Records supplied:
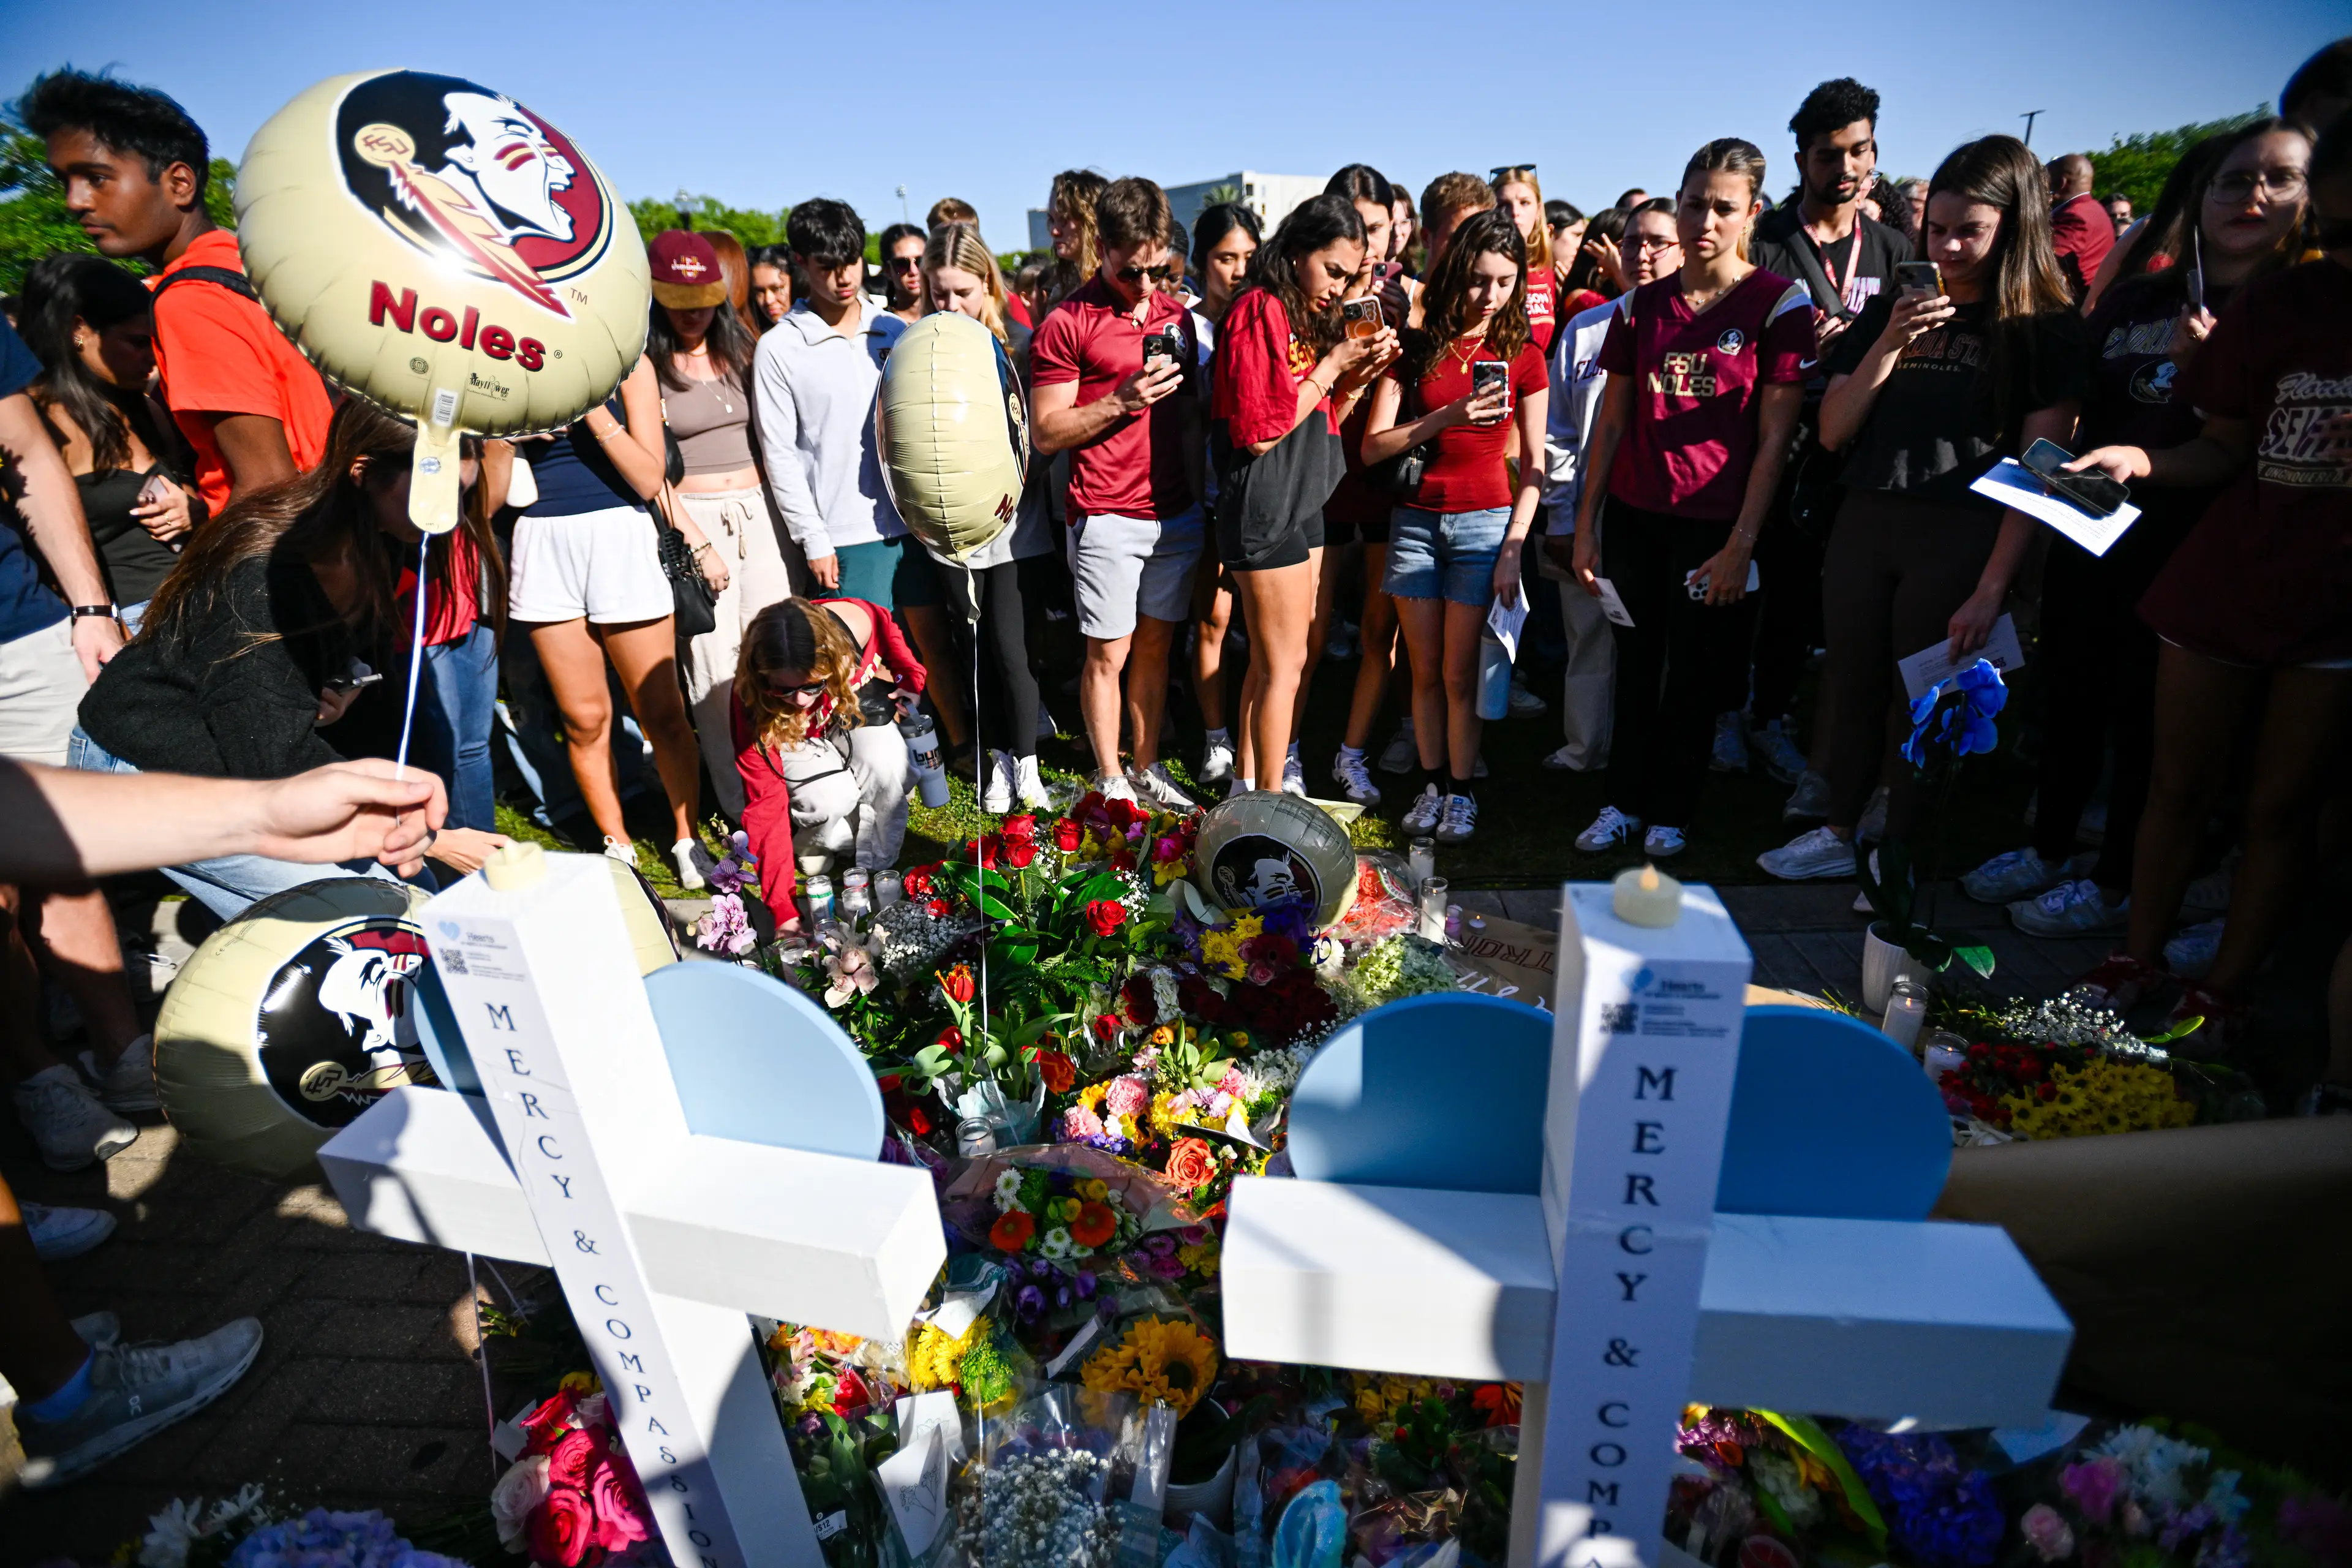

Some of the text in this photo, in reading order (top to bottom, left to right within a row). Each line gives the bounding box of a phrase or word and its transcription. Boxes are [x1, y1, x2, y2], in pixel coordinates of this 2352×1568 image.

[570, 288, 588, 305] TM
[368, 279, 546, 372] Noles
[1664, 352, 1708, 375] FSU
[1647, 371, 1716, 397] NOLES
[1615, 1066, 1679, 1302] MERCY
[483, 1001, 573, 1200] MERCY
[573, 1229, 601, 1256] &
[594, 1283, 718, 1568] COMPASSION
[1603, 1338, 1642, 1368] &
[813, 1519, 831, 1534] /$12

Assignment: Repeat every record precisely. Any picture among them stays out of the copy.

Solution to this task:
Some of the text in this photo, in reading order (top to bottom, left to right within a row). Each line gives the bounding box of a phrase or word and its transcription. Boxes are [x1, y1, x2, y2], in pixel coordinates of this 2352×1568 image.

[570, 288, 588, 305] TM
[368, 279, 546, 372] Noles
[1664, 352, 1708, 375] FSU
[1647, 371, 1716, 397] NOLES
[1615, 1066, 1679, 1302] MERCY
[483, 1001, 573, 1200] MERCY
[573, 1229, 601, 1256] &
[594, 1283, 718, 1568] COMPASSION
[1603, 1338, 1642, 1368] &
[813, 1519, 831, 1534] /$12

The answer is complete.